Working in the Field: Then and Now
During the past two decades, Peggy Menconi has seen significant changes in the field force arena. Topping that list are the roles and responsibilities of the people working in the field. Menconi, an analyst at AMR Research in Boston, began her career as a field service technician in the Navy. When she started out, field engineers were often referred to as dragon slayers--the only people with the know-how to solve the horrific problems associated with business technology solutions. Disk drives were the size of an office desk and had to be field stripped to be repaired. Now, disk drives are no bigger than a notebook, and the major problems that crippled companies 20 years ago are disposable.
As Menconi explains, a large part of today's field engineers' job is customer relationships. Field engineers are no longer required to be technical wizards, but more importantly, to know how to nurture the relationship with the customer. This changing job description has been a direct result of technological advancements. Menconi recalls a time when the field service world communicated with pagers and handwritten messages--a massive paper trail. Then came the era of the homegrown system, with which organizations could document anything from phone conversations to spare parts.
It was those inflexible systems that inspired Menconi to become an analyst. Companies were willing to spend a million dollars to implement new systems fast--the homegrown applications had become an impediment to competition in the service environment. "Homegrown systems," she says, "are tailored to exactly what the companies want them to do, which is great." Yet, as the industry became more customer-centric, these companies had to figure out how to make their systems offer more applications for the customer. One critical step in the exponential technological boom, says Menconi, was Web self-service. "Putting the customer on your field service team has dramatically changed what's happening with field service. It is no longer acceptable to say, 'these are the three flavors of service we have, now pick one.'" She realized that analyzing applications and providing end users with insights would be a good career move.
Helpful to this transition was Menconi's experience in field service, call centers and other aspects of customer management. "I could see that if I were to combine that with knowledge of the software community, then I'd be in a good position to consult with clients. Instead of helping one company solve problems, I'd be in a position to help lots of companies solve problems." Menconi clearly has a love for her job that others may only dream of.

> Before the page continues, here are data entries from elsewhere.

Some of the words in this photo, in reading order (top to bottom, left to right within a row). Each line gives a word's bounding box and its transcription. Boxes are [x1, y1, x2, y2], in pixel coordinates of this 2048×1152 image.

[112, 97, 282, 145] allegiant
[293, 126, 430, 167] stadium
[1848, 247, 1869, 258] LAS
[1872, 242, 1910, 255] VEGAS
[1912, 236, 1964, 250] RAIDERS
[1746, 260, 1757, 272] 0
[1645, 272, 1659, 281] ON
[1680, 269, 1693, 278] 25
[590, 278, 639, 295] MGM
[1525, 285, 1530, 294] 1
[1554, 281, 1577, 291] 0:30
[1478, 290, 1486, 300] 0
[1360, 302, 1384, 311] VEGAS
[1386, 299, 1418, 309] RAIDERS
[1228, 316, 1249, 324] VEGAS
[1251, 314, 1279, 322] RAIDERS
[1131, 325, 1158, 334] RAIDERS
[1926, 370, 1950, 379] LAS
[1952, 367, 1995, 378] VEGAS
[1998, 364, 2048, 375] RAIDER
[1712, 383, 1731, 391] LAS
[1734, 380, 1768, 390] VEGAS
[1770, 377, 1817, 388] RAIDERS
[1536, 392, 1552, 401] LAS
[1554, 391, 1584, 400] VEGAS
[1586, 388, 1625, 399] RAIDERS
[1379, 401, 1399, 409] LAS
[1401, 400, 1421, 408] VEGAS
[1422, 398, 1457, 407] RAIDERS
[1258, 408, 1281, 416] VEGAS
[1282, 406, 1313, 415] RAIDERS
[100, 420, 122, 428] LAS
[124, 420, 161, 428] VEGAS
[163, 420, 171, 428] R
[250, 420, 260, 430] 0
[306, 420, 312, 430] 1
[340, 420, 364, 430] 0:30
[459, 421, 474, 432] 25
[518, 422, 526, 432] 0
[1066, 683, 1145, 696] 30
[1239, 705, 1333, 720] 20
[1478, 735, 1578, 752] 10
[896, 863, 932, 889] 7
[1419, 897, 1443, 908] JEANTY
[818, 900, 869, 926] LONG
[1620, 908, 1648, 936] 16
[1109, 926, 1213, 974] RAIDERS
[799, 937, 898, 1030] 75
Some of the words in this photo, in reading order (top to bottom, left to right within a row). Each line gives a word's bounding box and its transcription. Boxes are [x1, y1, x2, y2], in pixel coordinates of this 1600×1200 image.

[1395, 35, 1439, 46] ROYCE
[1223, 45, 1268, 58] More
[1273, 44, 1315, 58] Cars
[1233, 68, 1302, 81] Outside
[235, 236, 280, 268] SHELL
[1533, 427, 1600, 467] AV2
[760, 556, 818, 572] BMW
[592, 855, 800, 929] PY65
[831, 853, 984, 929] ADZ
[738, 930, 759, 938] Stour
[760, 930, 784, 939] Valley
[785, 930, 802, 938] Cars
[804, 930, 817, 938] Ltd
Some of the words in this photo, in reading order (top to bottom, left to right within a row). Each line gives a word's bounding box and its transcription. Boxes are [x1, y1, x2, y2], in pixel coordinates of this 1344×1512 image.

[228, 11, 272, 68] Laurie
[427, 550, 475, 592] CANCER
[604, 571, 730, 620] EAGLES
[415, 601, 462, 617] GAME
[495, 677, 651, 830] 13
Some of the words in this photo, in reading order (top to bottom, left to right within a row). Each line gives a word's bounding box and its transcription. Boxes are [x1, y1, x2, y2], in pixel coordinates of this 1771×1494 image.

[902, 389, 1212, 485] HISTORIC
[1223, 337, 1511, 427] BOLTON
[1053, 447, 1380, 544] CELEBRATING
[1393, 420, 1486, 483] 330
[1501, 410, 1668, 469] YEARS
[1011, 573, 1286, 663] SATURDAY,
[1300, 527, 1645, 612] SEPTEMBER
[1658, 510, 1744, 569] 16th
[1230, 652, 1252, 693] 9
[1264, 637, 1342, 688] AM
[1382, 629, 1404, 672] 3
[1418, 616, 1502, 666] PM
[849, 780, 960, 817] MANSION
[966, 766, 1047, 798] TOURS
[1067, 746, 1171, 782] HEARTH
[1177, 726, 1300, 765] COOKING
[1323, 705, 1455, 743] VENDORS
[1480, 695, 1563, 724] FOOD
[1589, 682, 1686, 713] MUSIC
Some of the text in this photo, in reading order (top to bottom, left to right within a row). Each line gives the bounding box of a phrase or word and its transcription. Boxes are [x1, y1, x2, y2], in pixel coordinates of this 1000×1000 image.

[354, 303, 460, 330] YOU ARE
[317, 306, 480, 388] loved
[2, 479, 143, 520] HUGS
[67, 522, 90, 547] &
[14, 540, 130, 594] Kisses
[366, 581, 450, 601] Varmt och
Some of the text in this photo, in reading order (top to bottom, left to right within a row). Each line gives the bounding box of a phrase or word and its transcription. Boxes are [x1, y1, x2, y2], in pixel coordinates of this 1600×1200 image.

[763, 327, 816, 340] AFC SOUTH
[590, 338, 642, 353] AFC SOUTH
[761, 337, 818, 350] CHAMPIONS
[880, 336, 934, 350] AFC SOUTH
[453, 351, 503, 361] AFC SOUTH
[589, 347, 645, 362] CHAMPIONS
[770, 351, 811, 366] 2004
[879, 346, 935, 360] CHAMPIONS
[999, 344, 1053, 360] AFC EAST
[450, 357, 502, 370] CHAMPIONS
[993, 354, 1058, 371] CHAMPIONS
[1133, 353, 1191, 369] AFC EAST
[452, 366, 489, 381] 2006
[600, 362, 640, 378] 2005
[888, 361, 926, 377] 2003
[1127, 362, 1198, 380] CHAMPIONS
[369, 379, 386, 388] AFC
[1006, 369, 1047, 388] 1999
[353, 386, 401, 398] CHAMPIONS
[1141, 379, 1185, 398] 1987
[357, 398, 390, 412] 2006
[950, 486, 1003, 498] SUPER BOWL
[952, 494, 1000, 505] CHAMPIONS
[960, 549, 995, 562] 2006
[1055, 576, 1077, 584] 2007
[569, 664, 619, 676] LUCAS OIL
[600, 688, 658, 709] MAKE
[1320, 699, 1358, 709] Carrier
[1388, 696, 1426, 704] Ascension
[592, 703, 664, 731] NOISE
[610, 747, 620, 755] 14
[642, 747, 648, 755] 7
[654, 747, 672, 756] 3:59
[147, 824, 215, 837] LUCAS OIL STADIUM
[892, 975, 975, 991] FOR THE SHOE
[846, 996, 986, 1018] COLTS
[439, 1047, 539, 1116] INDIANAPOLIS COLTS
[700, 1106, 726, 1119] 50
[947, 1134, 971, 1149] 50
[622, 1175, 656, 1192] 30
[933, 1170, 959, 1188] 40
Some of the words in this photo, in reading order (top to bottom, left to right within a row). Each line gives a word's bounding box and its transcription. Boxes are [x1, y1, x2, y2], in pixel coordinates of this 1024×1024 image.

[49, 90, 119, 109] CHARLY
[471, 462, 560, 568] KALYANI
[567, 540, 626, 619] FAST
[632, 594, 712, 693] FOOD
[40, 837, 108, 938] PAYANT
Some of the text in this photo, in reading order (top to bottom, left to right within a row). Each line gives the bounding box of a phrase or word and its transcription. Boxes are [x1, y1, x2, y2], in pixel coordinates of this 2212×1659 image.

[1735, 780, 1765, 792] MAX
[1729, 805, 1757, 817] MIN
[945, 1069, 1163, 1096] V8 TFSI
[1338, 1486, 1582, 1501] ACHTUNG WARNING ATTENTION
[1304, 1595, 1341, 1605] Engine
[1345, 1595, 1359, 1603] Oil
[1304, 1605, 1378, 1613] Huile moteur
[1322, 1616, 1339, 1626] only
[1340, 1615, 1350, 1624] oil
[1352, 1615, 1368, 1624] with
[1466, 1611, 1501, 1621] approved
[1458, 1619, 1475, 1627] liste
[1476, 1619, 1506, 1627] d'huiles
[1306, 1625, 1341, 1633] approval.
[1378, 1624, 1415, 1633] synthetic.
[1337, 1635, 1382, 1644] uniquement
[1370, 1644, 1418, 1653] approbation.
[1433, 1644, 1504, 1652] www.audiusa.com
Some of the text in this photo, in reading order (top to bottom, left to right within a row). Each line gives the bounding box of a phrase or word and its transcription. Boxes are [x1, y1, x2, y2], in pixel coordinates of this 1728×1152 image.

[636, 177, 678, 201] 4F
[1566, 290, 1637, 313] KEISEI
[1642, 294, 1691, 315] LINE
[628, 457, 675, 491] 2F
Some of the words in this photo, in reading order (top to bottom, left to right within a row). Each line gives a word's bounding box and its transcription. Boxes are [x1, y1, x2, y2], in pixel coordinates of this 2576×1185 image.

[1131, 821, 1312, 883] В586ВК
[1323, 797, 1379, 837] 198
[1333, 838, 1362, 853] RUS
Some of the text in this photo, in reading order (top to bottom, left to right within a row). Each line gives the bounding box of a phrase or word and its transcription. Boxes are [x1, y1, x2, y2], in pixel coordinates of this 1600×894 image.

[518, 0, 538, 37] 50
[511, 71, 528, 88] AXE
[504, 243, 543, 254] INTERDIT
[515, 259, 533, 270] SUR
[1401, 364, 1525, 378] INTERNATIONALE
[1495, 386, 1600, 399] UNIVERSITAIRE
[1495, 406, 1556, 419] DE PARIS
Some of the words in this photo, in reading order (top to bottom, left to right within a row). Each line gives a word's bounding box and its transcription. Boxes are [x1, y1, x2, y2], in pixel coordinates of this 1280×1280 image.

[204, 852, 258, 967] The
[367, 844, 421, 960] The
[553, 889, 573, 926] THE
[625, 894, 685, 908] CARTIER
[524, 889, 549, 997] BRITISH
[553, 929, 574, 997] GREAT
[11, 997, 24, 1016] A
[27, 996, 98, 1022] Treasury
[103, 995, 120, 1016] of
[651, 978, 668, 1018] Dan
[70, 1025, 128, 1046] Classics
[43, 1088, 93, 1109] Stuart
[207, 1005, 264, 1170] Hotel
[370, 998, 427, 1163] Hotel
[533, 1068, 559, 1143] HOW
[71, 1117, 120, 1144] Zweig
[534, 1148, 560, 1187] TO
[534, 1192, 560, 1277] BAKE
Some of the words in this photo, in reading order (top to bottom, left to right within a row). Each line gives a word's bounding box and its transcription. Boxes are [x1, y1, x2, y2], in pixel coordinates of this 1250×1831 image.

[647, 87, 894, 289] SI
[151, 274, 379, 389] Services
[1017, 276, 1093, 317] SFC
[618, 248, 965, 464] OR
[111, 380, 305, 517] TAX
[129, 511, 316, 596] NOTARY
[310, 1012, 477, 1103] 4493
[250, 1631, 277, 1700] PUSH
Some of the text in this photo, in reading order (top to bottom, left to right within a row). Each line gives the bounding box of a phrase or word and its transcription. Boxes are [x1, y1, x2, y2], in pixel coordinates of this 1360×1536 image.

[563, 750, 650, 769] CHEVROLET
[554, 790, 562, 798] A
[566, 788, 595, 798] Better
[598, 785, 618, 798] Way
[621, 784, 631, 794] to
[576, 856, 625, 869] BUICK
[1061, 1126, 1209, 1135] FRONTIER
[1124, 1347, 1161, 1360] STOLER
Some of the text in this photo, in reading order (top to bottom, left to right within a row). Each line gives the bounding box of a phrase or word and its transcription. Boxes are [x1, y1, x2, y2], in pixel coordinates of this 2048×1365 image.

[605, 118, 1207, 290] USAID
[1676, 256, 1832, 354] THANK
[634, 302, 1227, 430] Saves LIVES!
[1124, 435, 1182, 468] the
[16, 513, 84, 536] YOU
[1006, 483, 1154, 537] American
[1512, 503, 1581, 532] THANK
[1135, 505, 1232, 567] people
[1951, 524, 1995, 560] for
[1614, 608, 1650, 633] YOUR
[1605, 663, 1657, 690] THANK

She points out that in terms of discrimination in the workplace, things have improved considerably since she started her career. The new era of centrally available information eliminates the withholding of information from others, as does the rapid growth of the industry--companies can't afford not to have everyone contribute. Her philosophy: "People are people. Everyone wants to feel that they've done a good job at the end of the day, that their contributions matter--whether it's the person at the desk downstairs when you come in the door, or someone who's doing the cleaning or the most senior research analyst around. As long as you keep that in mind, it's much easier to get around some of the other issues. It's person to person, not necessarily male to female."
In the future, Menconi sees the role of the analyst expanding to adapt to the increasingly complex technological world. "Part of the analyst's role is to take complex ideas and boil them down to simple understanding. Our clients don't have time to learn packages and sort out the market and figure out who the winners and losers are going to be or what the new trends are. One element of the job is to learn everything you possibly can. Another element is to communicate that efficiently and simply. That won't change in an environment that becomes more and more complex."